§ **Work to be completed**
The following data is to be repeated exactly, its pictures excluded.
***** Data under study *****
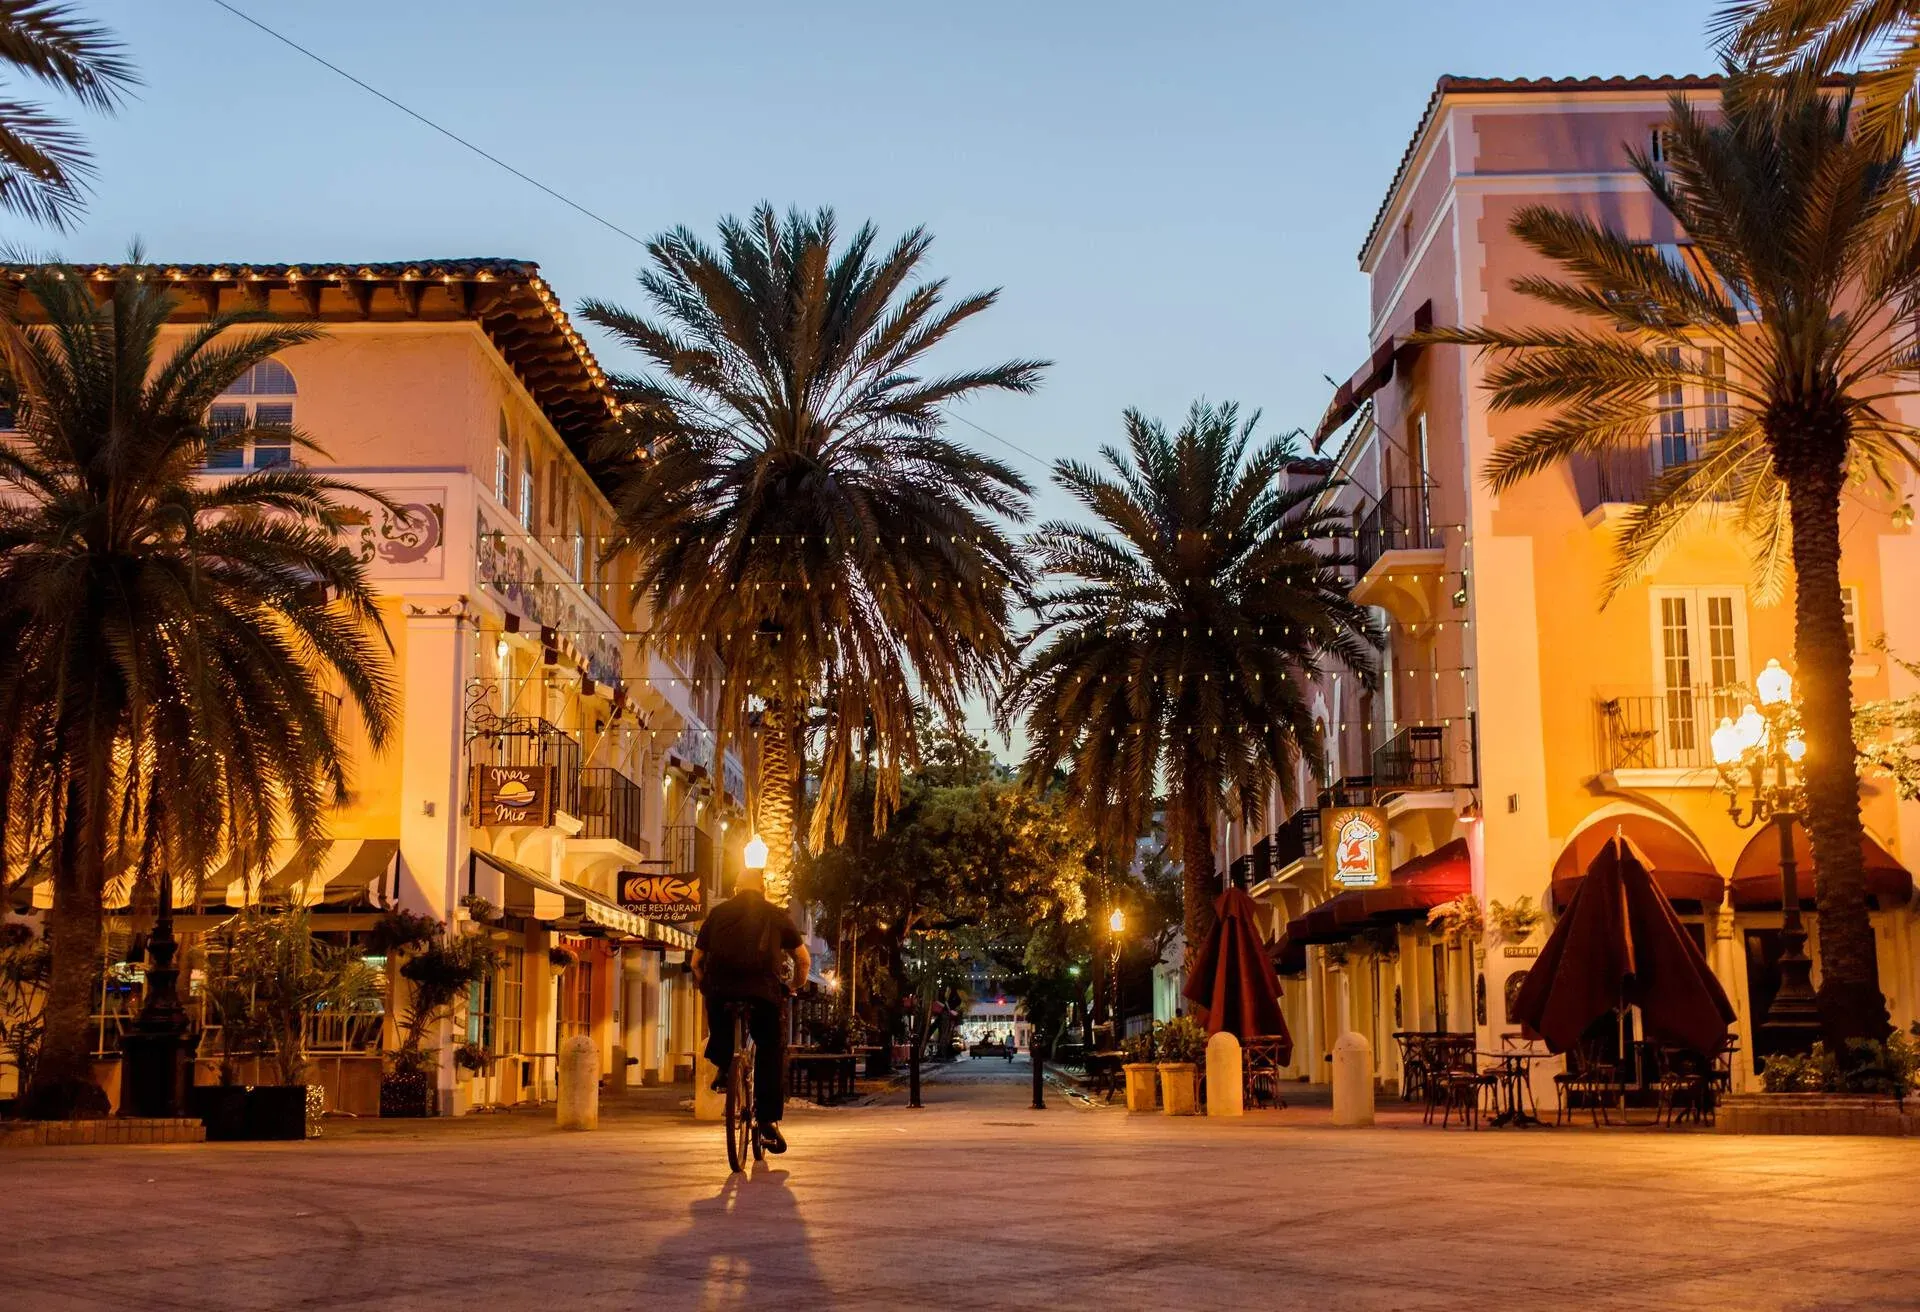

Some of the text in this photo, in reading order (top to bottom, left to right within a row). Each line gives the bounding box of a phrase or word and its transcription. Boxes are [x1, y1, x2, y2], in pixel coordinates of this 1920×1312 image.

[491, 768, 530, 786] Mare
[495, 804, 527, 822] Mio
[649, 904, 702, 912] RESTAURANT
[663, 912, 670, 920] &
[671, 912, 687, 920] Grill
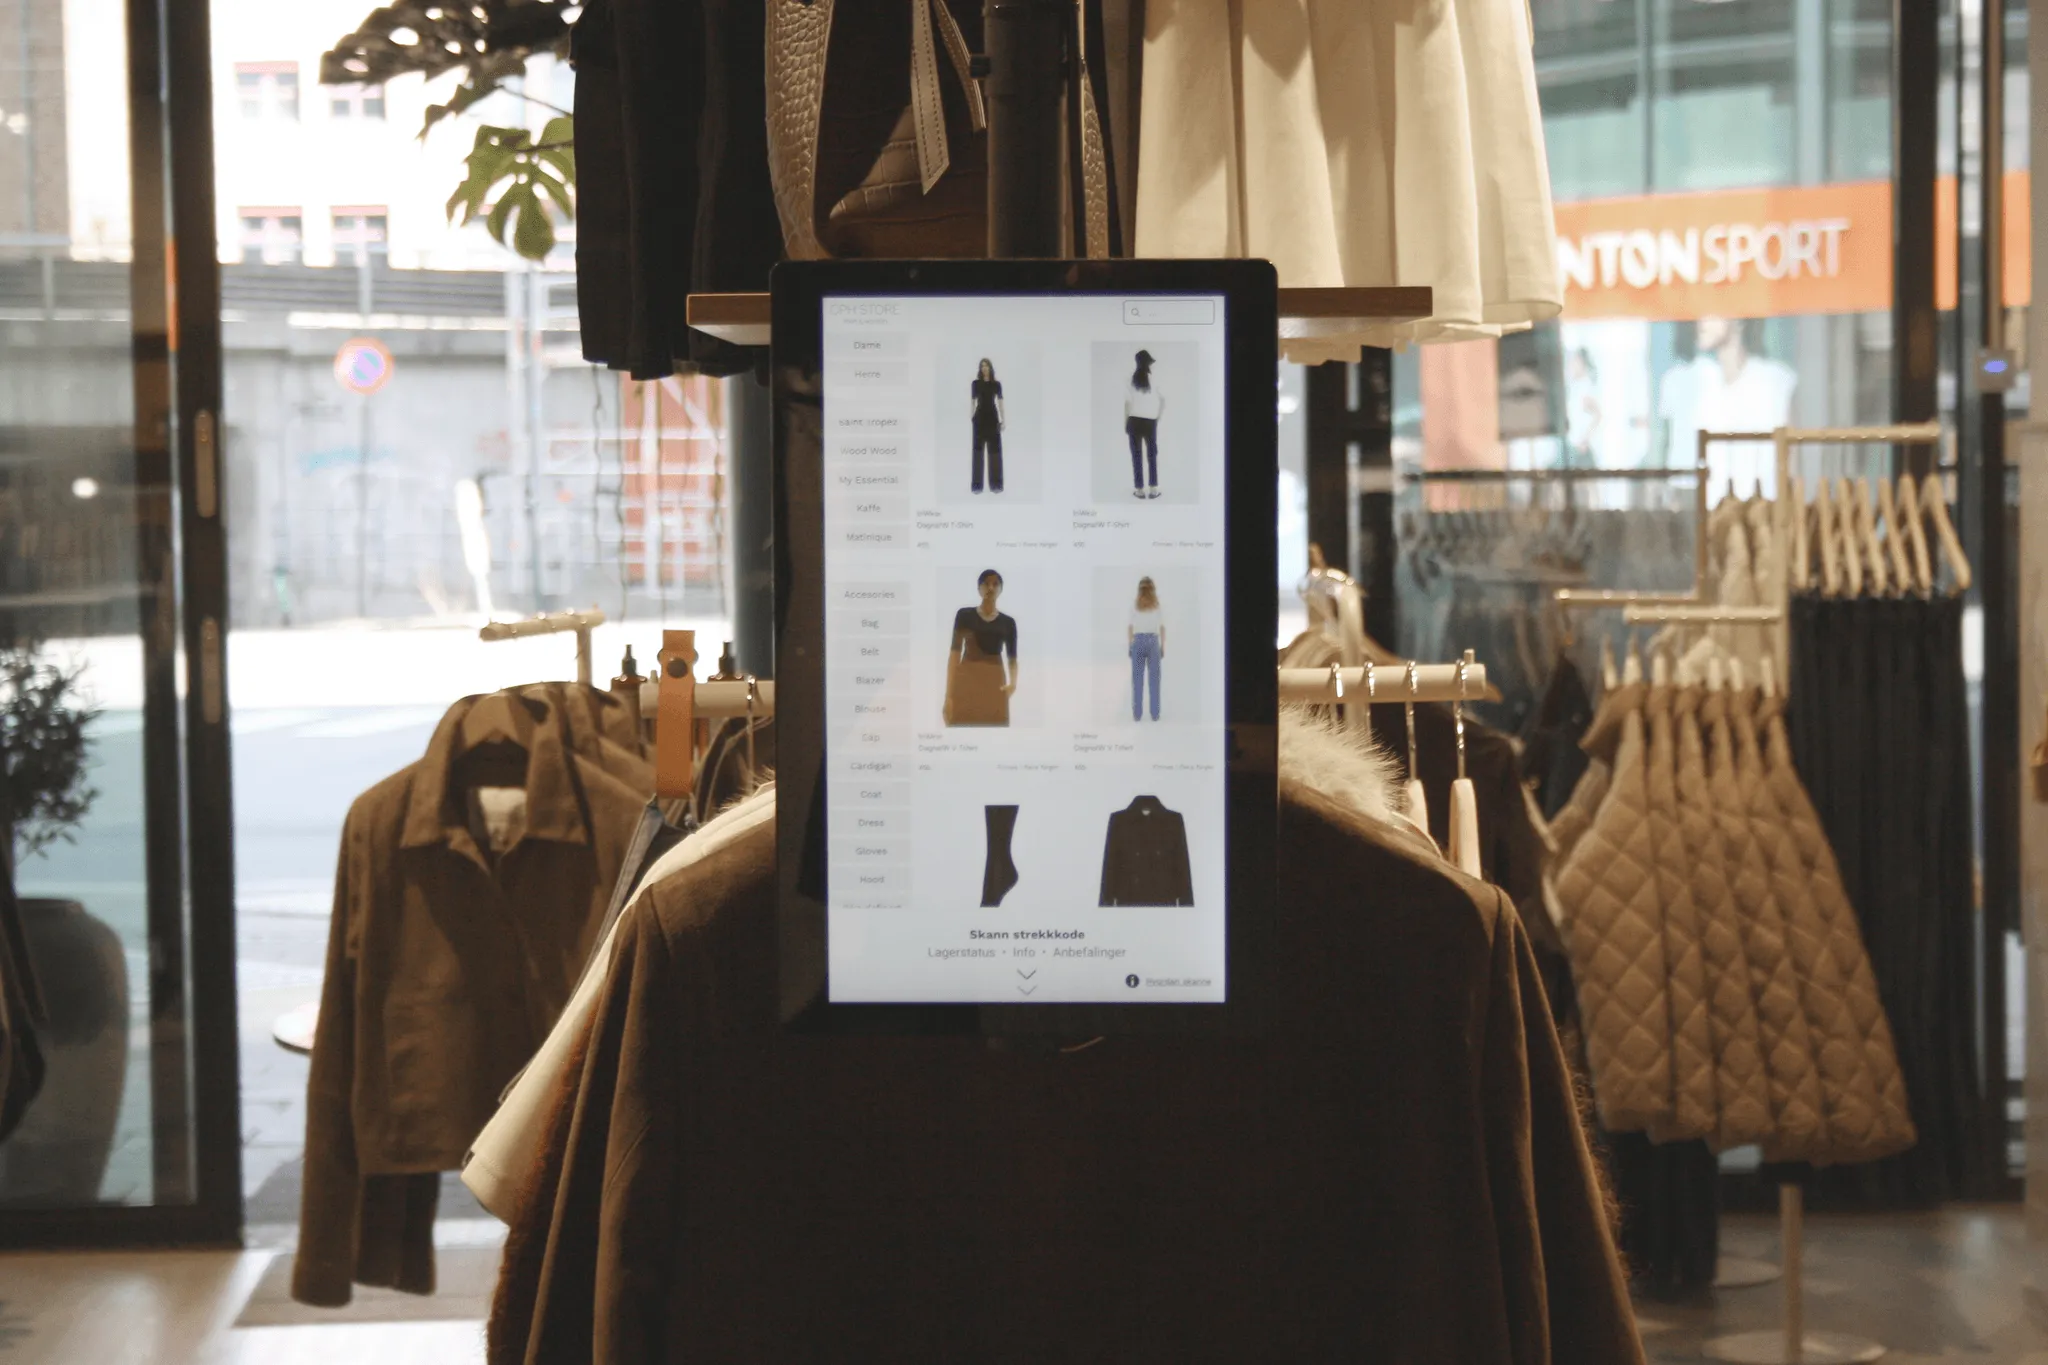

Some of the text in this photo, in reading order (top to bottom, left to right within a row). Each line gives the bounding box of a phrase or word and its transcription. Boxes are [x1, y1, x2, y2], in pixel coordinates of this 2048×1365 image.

[860, 302, 900, 315] STORE
[853, 340, 881, 350] Dame
[854, 369, 881, 379] Herre
[840, 445, 897, 455] Wood Wood
[839, 475, 898, 486] My Essential
[856, 503, 881, 513] Kaffe
[846, 532, 893, 543] Matinique
[861, 618, 879, 629] Bag
[861, 647, 880, 656] Belt
[856, 675, 885, 685] Blazer
[854, 704, 887, 714] Blouse
[862, 733, 880, 743] Cap
[850, 761, 892, 772] Cardigan
[860, 790, 882, 799] Coat
[858, 818, 885, 828] Dress
[855, 847, 888, 856] Gloves
[860, 875, 885, 884] Hood
[969, 929, 1085, 940] Skann strekkkode
[927, 946, 1127, 958] Lagerstatus Info Anbefalinger
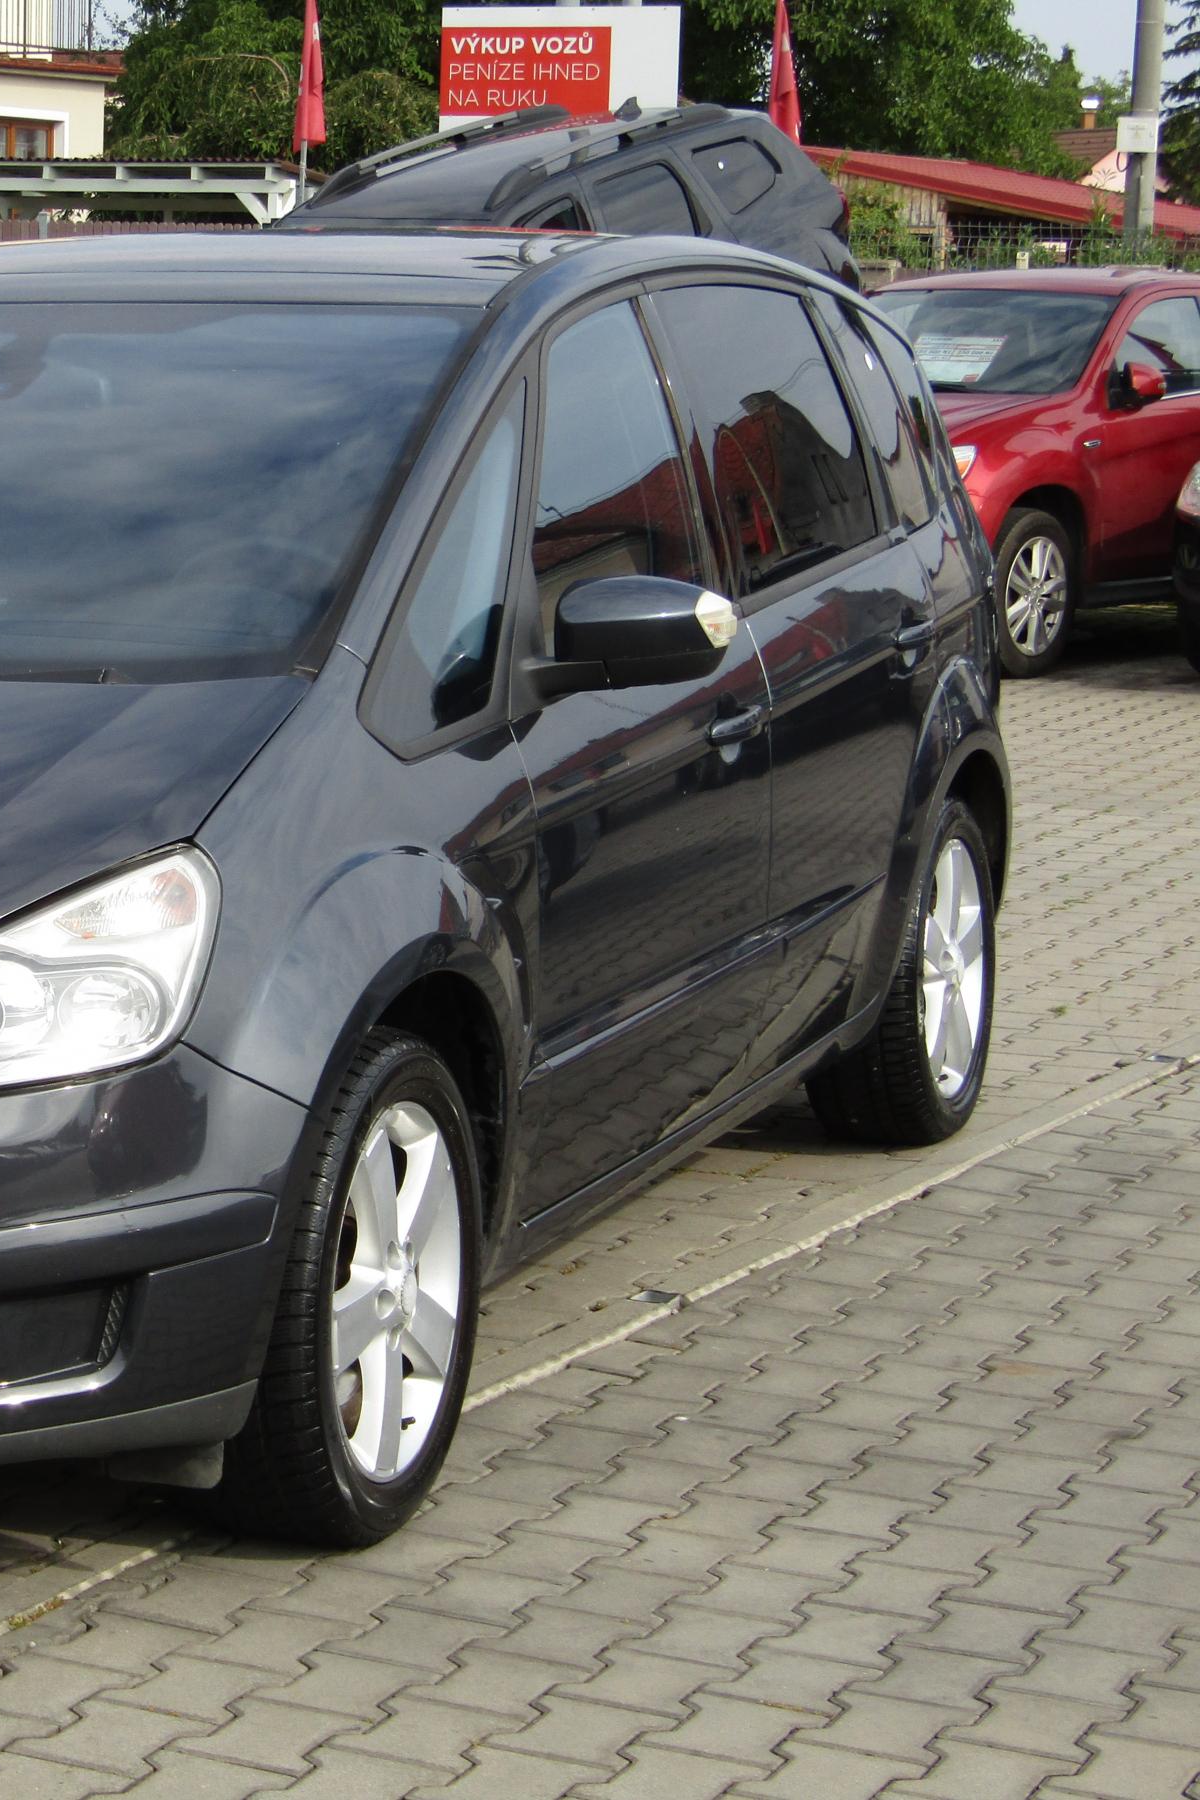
*****
§ **Solution**
Some of the text in this photo, in reading order (top to bottom, left to right within a row). Each line gives the bounding box of a phrase or word and its transcription. Boxes are [x1, y1, x2, y2], in pixel coordinates of this 1920×1312 image.

[491, 768, 530, 786] Mare
[495, 804, 527, 822] Mio
[649, 904, 702, 912] RESTAURANT
[663, 912, 670, 920] &
[671, 912, 687, 920] Grill

Some of the text in this photo, in reading order (top to bottom, left to right within a row). Each line gives the bounding box of a phrase or word and its transcription. Boxes are [x1, y1, x2, y2], in pixel coordinates of this 2048×1365 image.

[860, 302, 900, 315] STORE
[853, 340, 881, 350] Dame
[854, 369, 881, 379] Herre
[840, 445, 897, 455] Wood Wood
[839, 475, 898, 486] My Essential
[856, 503, 881, 513] Kaffe
[846, 532, 893, 543] Matinique
[861, 618, 879, 629] Bag
[861, 647, 880, 656] Belt
[856, 675, 885, 685] Blazer
[854, 704, 887, 714] Blouse
[862, 733, 880, 743] Cap
[850, 761, 892, 772] Cardigan
[860, 790, 882, 799] Coat
[858, 818, 885, 828] Dress
[855, 847, 888, 856] Gloves
[860, 875, 885, 884] Hood
[969, 929, 1085, 940] Skann strekkkode
[927, 946, 1127, 958] Lagerstatus Info Anbefalinger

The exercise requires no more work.